Exercise -> Every entry should be repeated exactly. Omit the pictures.

[Records drawn from a dataset]
-=-=-

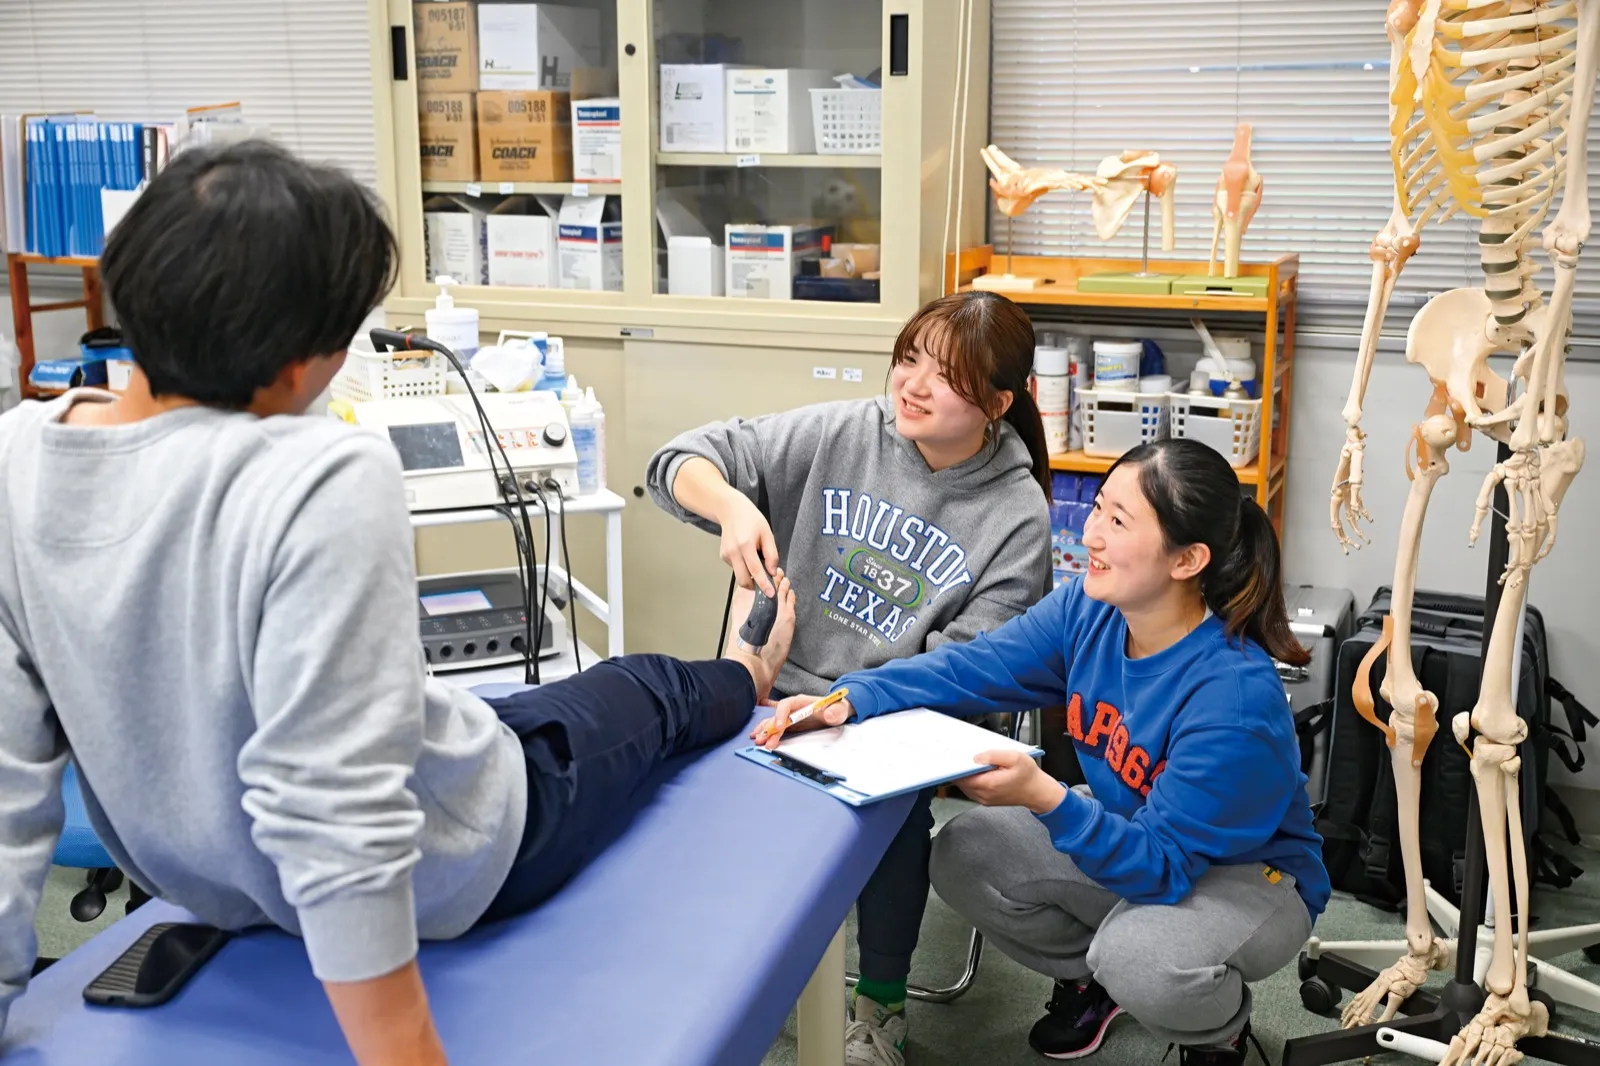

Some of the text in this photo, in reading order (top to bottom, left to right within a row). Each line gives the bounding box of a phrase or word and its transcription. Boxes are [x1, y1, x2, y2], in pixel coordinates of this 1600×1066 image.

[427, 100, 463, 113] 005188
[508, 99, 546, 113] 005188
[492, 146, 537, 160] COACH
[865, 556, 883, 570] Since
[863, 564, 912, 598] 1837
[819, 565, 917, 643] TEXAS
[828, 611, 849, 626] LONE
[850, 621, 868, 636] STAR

-=-=-

Expected answer ->
Some of the text in this photo, in reading order (top to bottom, left to right within a row). Each line gives the bounding box of a phrase or word and its transcription. Boxes are [x1, y1, x2, y2], in pixel coordinates of this 1600×1066 image.

[427, 100, 463, 113] 005188
[508, 99, 546, 113] 005188
[492, 146, 537, 160] COACH
[865, 556, 883, 570] Since
[863, 564, 912, 598] 1837
[819, 565, 917, 643] TEXAS
[828, 611, 849, 626] LONE
[850, 621, 868, 636] STAR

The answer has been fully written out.